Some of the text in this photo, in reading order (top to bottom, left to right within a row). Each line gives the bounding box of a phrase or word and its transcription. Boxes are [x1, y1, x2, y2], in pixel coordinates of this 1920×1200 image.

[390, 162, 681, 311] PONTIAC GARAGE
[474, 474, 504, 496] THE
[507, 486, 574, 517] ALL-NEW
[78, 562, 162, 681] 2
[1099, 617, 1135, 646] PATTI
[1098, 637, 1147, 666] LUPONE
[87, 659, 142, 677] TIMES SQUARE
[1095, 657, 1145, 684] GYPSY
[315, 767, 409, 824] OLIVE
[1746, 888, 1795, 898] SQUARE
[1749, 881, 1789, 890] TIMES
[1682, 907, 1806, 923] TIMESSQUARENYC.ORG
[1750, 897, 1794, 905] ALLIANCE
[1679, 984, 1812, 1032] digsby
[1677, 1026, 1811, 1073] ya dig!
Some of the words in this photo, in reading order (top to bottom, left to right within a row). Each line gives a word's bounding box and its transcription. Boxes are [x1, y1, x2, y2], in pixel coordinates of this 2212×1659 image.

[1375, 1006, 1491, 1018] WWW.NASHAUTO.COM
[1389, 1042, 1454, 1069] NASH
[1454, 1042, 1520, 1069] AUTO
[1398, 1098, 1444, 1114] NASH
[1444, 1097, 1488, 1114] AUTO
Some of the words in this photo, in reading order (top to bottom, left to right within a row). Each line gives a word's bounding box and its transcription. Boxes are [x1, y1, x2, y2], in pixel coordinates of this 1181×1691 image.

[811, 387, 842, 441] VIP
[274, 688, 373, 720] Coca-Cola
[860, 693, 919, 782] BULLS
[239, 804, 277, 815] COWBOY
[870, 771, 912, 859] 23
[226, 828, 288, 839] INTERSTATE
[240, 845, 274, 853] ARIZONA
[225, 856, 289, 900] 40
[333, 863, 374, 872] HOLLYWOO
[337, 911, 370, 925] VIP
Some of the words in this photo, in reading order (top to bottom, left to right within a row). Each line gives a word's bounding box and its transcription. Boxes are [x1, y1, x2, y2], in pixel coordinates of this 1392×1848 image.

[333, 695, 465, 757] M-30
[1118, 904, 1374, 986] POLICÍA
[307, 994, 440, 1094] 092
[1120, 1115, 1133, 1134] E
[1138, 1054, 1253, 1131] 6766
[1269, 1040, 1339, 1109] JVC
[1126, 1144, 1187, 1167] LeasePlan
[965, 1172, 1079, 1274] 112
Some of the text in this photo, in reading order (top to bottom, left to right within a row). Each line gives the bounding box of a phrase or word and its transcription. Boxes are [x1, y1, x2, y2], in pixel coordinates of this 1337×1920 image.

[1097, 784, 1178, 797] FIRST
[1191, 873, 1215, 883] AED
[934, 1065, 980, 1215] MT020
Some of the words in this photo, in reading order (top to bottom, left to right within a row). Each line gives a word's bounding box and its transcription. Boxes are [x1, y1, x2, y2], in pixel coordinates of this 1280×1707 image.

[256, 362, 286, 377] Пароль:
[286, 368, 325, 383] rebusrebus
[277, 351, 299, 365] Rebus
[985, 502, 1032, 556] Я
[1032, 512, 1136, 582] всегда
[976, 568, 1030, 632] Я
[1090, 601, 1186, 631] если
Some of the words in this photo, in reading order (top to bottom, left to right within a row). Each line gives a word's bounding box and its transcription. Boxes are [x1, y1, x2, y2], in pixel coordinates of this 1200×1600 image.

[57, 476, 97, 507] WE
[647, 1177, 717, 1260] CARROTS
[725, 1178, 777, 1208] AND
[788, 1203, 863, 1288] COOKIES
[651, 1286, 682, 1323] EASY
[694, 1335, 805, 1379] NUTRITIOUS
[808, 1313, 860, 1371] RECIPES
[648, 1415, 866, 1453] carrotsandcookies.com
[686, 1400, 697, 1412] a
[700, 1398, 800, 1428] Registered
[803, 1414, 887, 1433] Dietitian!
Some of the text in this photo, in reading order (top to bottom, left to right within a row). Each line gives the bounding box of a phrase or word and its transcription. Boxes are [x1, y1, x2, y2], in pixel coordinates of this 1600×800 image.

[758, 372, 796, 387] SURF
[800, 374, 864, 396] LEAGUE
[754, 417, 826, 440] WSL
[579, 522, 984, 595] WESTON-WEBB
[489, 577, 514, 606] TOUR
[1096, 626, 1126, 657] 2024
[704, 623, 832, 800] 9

____________

- Task brief:
Please transcribe the records above in full, keeping every word.

- Response to the exercise:
Some of the text in this photo, in reading order (top to bottom, left to right within a row). Each line gives the bounding box of a phrase or word and its transcription. Boxes are [x1, y1, x2, y2], in pixel coordinates of this 1920×1200 image.

[390, 162, 681, 311] PONTIAC GARAGE
[474, 474, 504, 496] THE
[507, 486, 574, 517] ALL-NEW
[78, 562, 162, 681] 2
[1099, 617, 1135, 646] PATTI
[1098, 637, 1147, 666] LUPONE
[87, 659, 142, 677] TIMES SQUARE
[1095, 657, 1145, 684] GYPSY
[315, 767, 409, 824] OLIVE
[1746, 888, 1795, 898] SQUARE
[1749, 881, 1789, 890] TIMES
[1682, 907, 1806, 923] TIMESSQUARENYC.ORG
[1750, 897, 1794, 905] ALLIANCE
[1679, 984, 1812, 1032] digsby
[1677, 1026, 1811, 1073] ya dig!
Some of the words in this photo, in reading order (top to bottom, left to right within a row). Each line gives a word's bounding box and its transcription. Boxes are [x1, y1, x2, y2], in pixel coordinates of this 2212×1659 image.

[1375, 1006, 1491, 1018] WWW.NASHAUTO.COM
[1389, 1042, 1454, 1069] NASH
[1454, 1042, 1520, 1069] AUTO
[1398, 1098, 1444, 1114] NASH
[1444, 1097, 1488, 1114] AUTO
Some of the words in this photo, in reading order (top to bottom, left to right within a row). Each line gives a word's bounding box and its transcription. Boxes are [x1, y1, x2, y2], in pixel coordinates of this 1181×1691 image.

[811, 387, 842, 441] VIP
[274, 688, 373, 720] Coca-Cola
[860, 693, 919, 782] BULLS
[239, 804, 277, 815] COWBOY
[870, 771, 912, 859] 23
[226, 828, 288, 839] INTERSTATE
[240, 845, 274, 853] ARIZONA
[225, 856, 289, 900] 40
[333, 863, 374, 872] HOLLYWOO
[337, 911, 370, 925] VIP
Some of the words in this photo, in reading order (top to bottom, left to right within a row). Each line gives a word's bounding box and its transcription. Boxes are [x1, y1, x2, y2], in pixel coordinates of this 1392×1848 image.

[333, 695, 465, 757] M-30
[1118, 904, 1374, 986] POLICÍA
[307, 994, 440, 1094] 092
[1120, 1115, 1133, 1134] E
[1138, 1054, 1253, 1131] 6766
[1269, 1040, 1339, 1109] JVC
[1126, 1144, 1187, 1167] LeasePlan
[965, 1172, 1079, 1274] 112
Some of the text in this photo, in reading order (top to bottom, left to right within a row). Each line gives the bounding box of a phrase or word and its transcription. Boxes are [x1, y1, x2, y2], in pixel coordinates of this 1337×1920 image.

[1097, 784, 1178, 797] FIRST
[1191, 873, 1215, 883] AED
[934, 1065, 980, 1215] MT020
Some of the words in this photo, in reading order (top to bottom, left to right within a row). Each line gives a word's bounding box and its transcription. Boxes are [x1, y1, x2, y2], in pixel coordinates of this 1280×1707 image.

[256, 362, 286, 377] Пароль:
[286, 368, 325, 383] rebusrebus
[277, 351, 299, 365] Rebus
[985, 502, 1032, 556] Я
[1032, 512, 1136, 582] всегда
[976, 568, 1030, 632] Я
[1090, 601, 1186, 631] если
Some of the words in this photo, in reading order (top to bottom, left to right within a row). Each line gives a word's bounding box and its transcription. Boxes are [x1, y1, x2, y2], in pixel coordinates of this 1200×1600 image.

[57, 476, 97, 507] WE
[647, 1177, 717, 1260] CARROTS
[725, 1178, 777, 1208] AND
[788, 1203, 863, 1288] COOKIES
[651, 1286, 682, 1323] EASY
[694, 1335, 805, 1379] NUTRITIOUS
[808, 1313, 860, 1371] RECIPES
[648, 1415, 866, 1453] carrotsandcookies.com
[686, 1400, 697, 1412] a
[700, 1398, 800, 1428] Registered
[803, 1414, 887, 1433] Dietitian!
Some of the text in this photo, in reading order (top to bottom, left to right within a row). Each line gives the bounding box of a phrase or word and its transcription. Boxes are [x1, y1, x2, y2], in pixel coordinates of this 1600×800 image.

[758, 372, 796, 387] SURF
[800, 374, 864, 396] LEAGUE
[754, 417, 826, 440] WSL
[579, 522, 984, 595] WESTON-WEBB
[489, 577, 514, 606] TOUR
[1096, 626, 1126, 657] 2024
[704, 623, 832, 800] 9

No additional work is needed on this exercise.